**Work to complete:**
Since pictures are not wanted in the copy, output only the rest of each record exactly.

*** Opening of Entries supplied ***

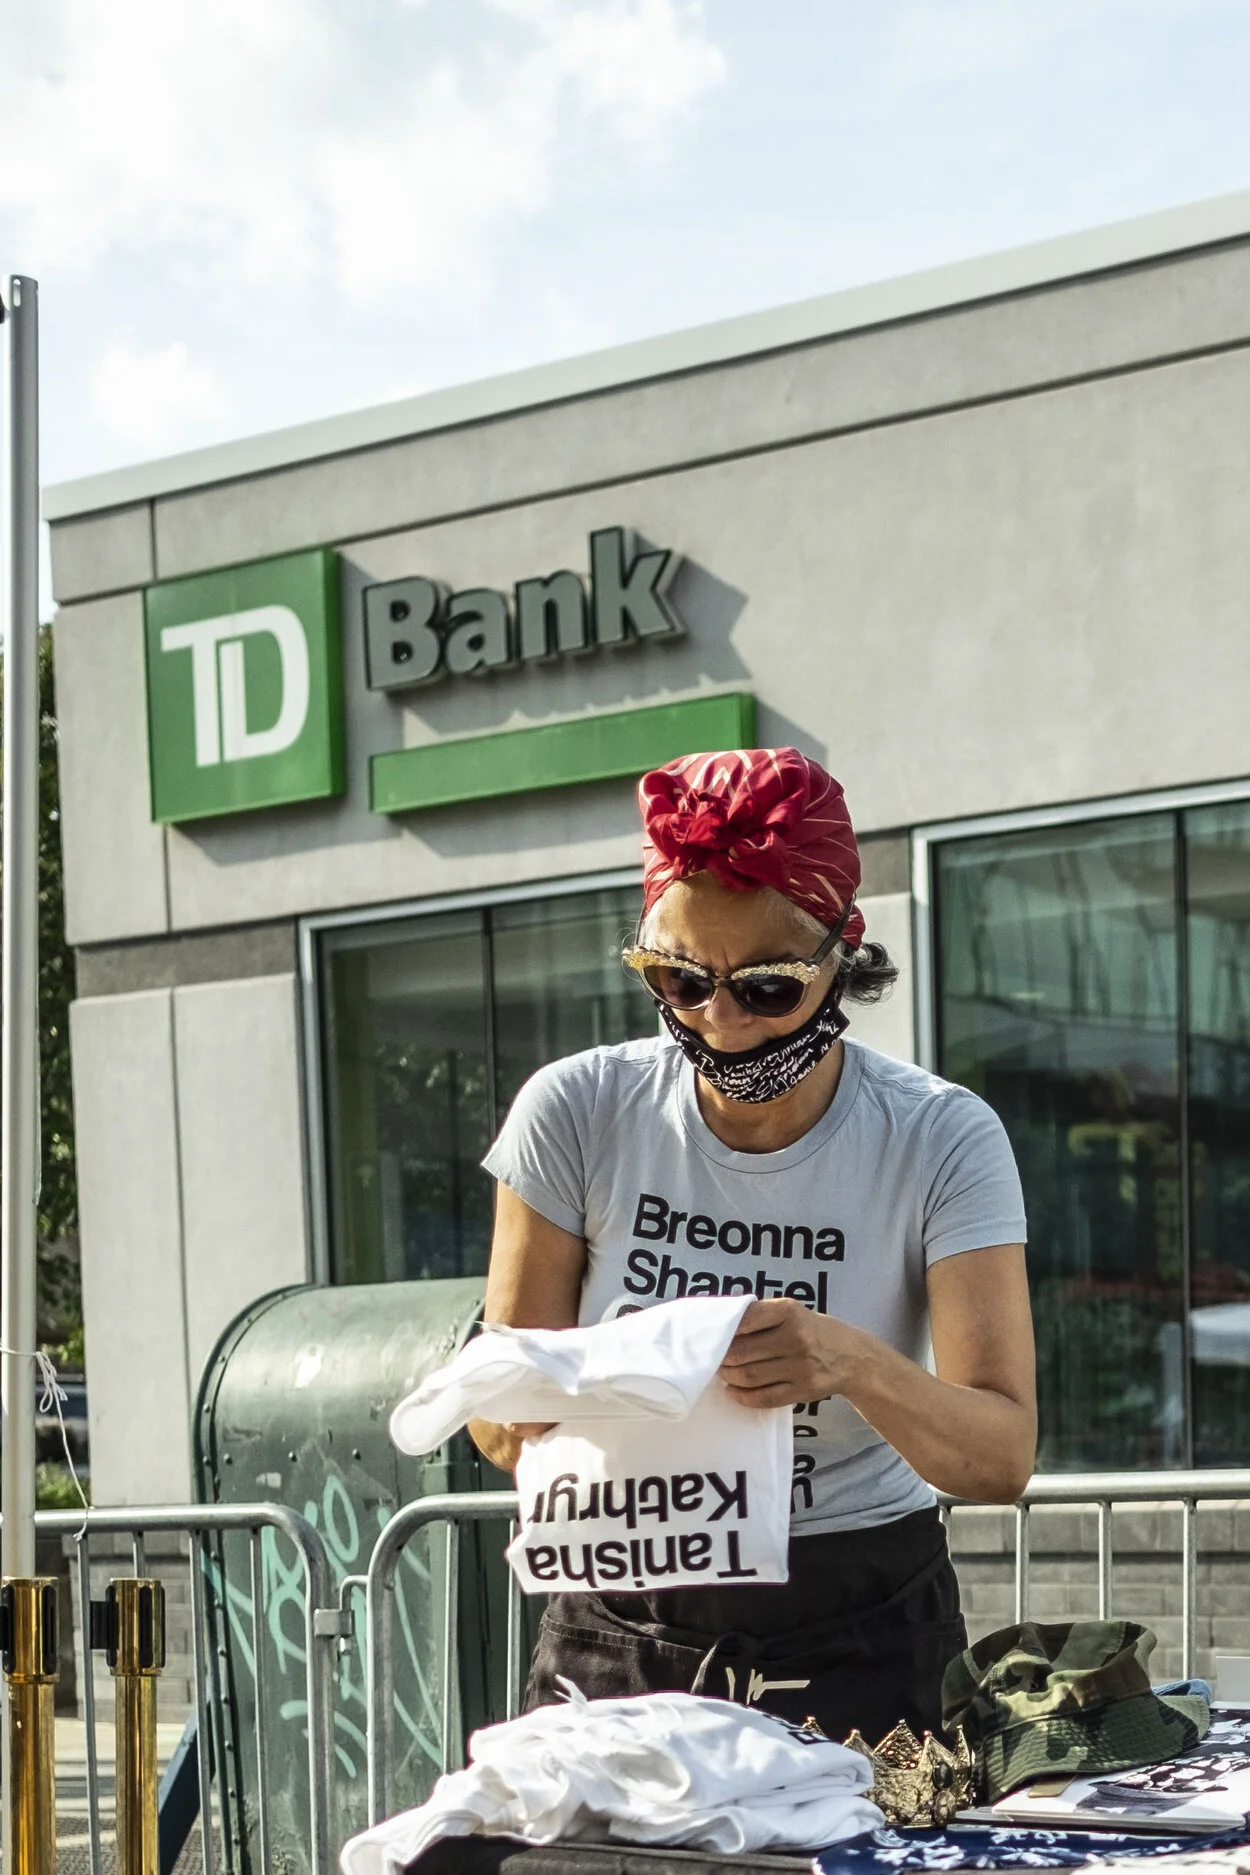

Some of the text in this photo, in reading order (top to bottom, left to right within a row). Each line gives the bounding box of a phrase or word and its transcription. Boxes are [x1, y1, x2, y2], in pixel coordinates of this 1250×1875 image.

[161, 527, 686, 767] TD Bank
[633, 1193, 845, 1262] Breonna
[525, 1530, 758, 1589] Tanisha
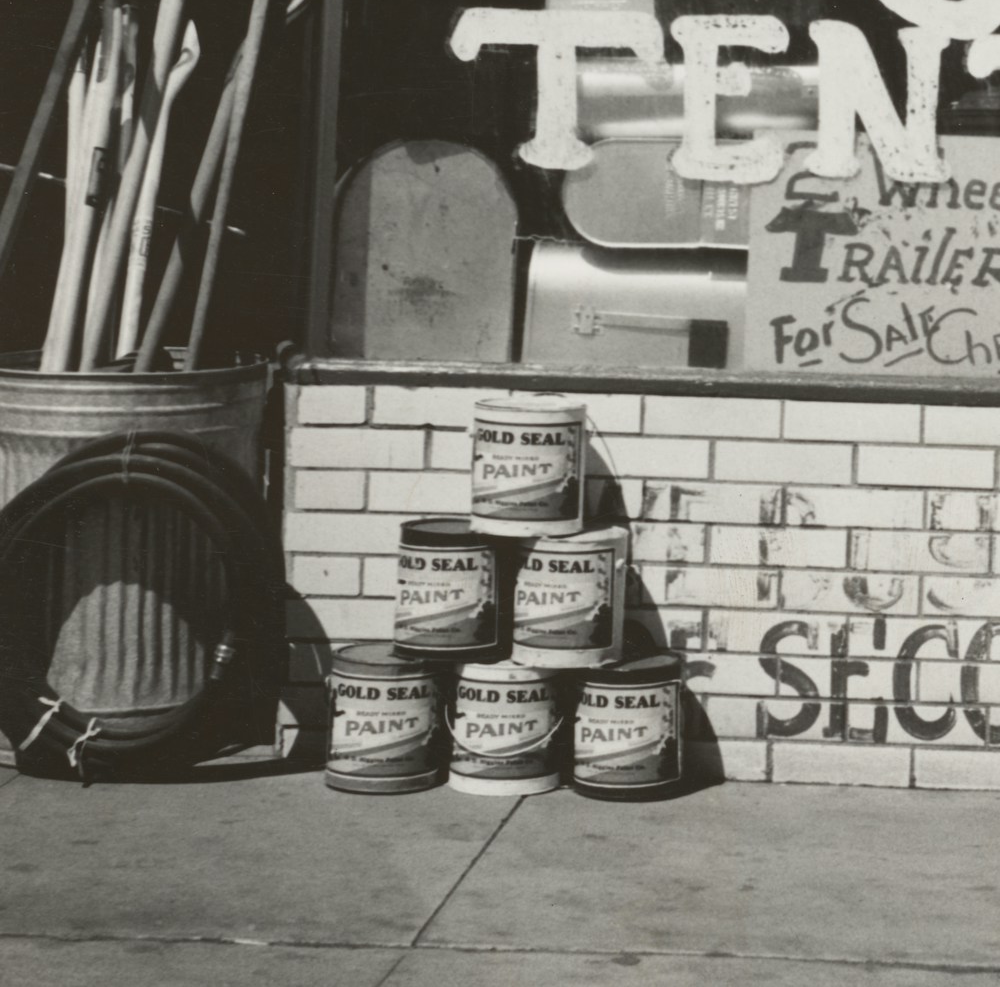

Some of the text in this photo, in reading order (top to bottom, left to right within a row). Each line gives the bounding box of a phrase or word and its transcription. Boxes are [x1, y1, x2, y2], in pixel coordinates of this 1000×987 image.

*** Close of Entries supplied ***

**Exercise result:**
Some of the text in this photo, in reading order (top to bottom, left to right within a row). Each line gives the bounding box of a phrase or word and its transcription. Boxes are [x1, y1, x2, y2], in pixel coordinates of this 1250×1875 image.

[161, 527, 686, 767] TD Bank
[633, 1193, 845, 1262] Breonna
[525, 1530, 758, 1589] Tanisha

Some of the text in this photo, in reading order (top to bottom, left to right within a row). Each line gives the bounding box of a phrase or word and its transcription. Boxes are [x1, y1, x2, y2], in pixel coordinates of this 1000×987 image.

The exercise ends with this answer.